(Records from a collection)
——

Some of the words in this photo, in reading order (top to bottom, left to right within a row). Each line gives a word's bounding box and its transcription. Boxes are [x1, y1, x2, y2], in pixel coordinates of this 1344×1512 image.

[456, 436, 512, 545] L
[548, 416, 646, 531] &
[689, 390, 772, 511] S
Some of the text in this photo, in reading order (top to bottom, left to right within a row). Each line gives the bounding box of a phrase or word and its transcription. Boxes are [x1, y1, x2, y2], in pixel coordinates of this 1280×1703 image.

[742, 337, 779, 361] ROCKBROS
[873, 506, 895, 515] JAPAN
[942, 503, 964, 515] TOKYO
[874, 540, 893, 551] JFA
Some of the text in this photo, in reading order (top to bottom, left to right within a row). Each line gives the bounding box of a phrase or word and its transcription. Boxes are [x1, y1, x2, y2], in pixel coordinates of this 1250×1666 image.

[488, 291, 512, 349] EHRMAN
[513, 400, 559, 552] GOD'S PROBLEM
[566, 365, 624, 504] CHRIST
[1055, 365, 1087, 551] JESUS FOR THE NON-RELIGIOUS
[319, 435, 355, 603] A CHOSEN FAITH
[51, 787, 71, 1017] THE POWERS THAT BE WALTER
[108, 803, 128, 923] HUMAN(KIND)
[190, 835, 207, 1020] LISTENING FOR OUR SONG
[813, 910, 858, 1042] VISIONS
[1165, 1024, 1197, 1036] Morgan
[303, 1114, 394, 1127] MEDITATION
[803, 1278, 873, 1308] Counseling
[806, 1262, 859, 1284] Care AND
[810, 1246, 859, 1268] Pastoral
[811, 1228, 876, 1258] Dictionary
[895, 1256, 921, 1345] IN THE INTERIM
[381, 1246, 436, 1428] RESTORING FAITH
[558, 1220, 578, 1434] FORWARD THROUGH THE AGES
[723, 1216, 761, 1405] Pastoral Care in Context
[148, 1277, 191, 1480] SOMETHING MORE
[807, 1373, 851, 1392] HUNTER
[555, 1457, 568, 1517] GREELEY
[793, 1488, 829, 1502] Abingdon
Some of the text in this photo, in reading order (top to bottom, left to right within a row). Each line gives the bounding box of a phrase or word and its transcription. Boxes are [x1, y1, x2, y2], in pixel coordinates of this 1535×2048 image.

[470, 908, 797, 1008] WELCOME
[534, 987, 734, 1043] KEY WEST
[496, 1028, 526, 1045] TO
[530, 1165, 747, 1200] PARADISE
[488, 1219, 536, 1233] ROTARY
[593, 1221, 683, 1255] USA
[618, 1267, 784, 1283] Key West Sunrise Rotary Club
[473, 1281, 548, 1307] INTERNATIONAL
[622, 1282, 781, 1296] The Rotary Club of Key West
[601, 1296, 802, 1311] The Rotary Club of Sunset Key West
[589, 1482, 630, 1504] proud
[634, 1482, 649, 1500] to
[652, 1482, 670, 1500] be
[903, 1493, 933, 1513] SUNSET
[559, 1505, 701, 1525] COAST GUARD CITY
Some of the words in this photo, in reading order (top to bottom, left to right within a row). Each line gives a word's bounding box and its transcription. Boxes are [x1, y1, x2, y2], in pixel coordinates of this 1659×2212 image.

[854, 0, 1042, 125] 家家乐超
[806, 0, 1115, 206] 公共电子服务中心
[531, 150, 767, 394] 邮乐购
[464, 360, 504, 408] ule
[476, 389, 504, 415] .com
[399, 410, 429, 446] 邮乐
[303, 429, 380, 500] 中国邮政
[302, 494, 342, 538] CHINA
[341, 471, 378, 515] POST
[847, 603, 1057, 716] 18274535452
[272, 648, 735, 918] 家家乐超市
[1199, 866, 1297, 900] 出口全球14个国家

——

◆ **WHAT YOU ARE ASKED TO DO**:
Output every entry exactly as given.

◆ **RESPONSE**:
Some of the words in this photo, in reading order (top to bottom, left to right within a row). Each line gives a word's bounding box and its transcription. Boxes are [x1, y1, x2, y2], in pixel coordinates of this 1344×1512 image.

[456, 436, 512, 545] L
[548, 416, 646, 531] &
[689, 390, 772, 511] S
Some of the text in this photo, in reading order (top to bottom, left to right within a row). Each line gives the bounding box of a phrase or word and its transcription. Boxes are [x1, y1, x2, y2], in pixel coordinates of this 1280×1703 image.

[742, 337, 779, 361] ROCKBROS
[873, 506, 895, 515] JAPAN
[942, 503, 964, 515] TOKYO
[874, 540, 893, 551] JFA
Some of the text in this photo, in reading order (top to bottom, left to right within a row). Each line gives the bounding box of a phrase or word and its transcription. Boxes are [x1, y1, x2, y2], in pixel coordinates of this 1250×1666 image.

[488, 291, 512, 349] EHRMAN
[513, 400, 559, 552] GOD'S PROBLEM
[566, 365, 624, 504] CHRIST
[1055, 365, 1087, 551] JESUS FOR THE NON-RELIGIOUS
[319, 435, 355, 603] A CHOSEN FAITH
[51, 787, 71, 1017] THE POWERS THAT BE WALTER
[108, 803, 128, 923] HUMAN(KIND)
[190, 835, 207, 1020] LISTENING FOR OUR SONG
[813, 910, 858, 1042] VISIONS
[1165, 1024, 1197, 1036] Morgan
[303, 1114, 394, 1127] MEDITATION
[803, 1278, 873, 1308] Counseling
[806, 1262, 859, 1284] Care AND
[810, 1246, 859, 1268] Pastoral
[811, 1228, 876, 1258] Dictionary
[895, 1256, 921, 1345] IN THE INTERIM
[381, 1246, 436, 1428] RESTORING FAITH
[558, 1220, 578, 1434] FORWARD THROUGH THE AGES
[723, 1216, 761, 1405] Pastoral Care in Context
[148, 1277, 191, 1480] SOMETHING MORE
[807, 1373, 851, 1392] HUNTER
[555, 1457, 568, 1517] GREELEY
[793, 1488, 829, 1502] Abingdon
Some of the text in this photo, in reading order (top to bottom, left to right within a row). Each line gives the bounding box of a phrase or word and its transcription. Boxes are [x1, y1, x2, y2], in pixel coordinates of this 1535×2048 image.

[470, 908, 797, 1008] WELCOME
[534, 987, 734, 1043] KEY WEST
[496, 1028, 526, 1045] TO
[530, 1165, 747, 1200] PARADISE
[488, 1219, 536, 1233] ROTARY
[593, 1221, 683, 1255] USA
[618, 1267, 784, 1283] Key West Sunrise Rotary Club
[473, 1281, 548, 1307] INTERNATIONAL
[622, 1282, 781, 1296] The Rotary Club of Key West
[601, 1296, 802, 1311] The Rotary Club of Sunset Key West
[589, 1482, 630, 1504] proud
[634, 1482, 649, 1500] to
[652, 1482, 670, 1500] be
[903, 1493, 933, 1513] SUNSET
[559, 1505, 701, 1525] COAST GUARD CITY
Some of the words in this photo, in reading order (top to bottom, left to right within a row). Each line gives a word's bounding box and its transcription. Boxes are [x1, y1, x2, y2], in pixel coordinates of this 1659×2212 image.

[854, 0, 1042, 125] 家家乐超
[806, 0, 1115, 206] 公共电子服务中心
[531, 150, 767, 394] 邮乐购
[464, 360, 504, 408] ule
[476, 389, 504, 415] .com
[399, 410, 429, 446] 邮乐
[303, 429, 380, 500] 中国邮政
[302, 494, 342, 538] CHINA
[341, 471, 378, 515] POST
[847, 603, 1057, 716] 18274535452
[272, 648, 735, 918] 家家乐超市
[1199, 866, 1297, 900] 出口全球14个国家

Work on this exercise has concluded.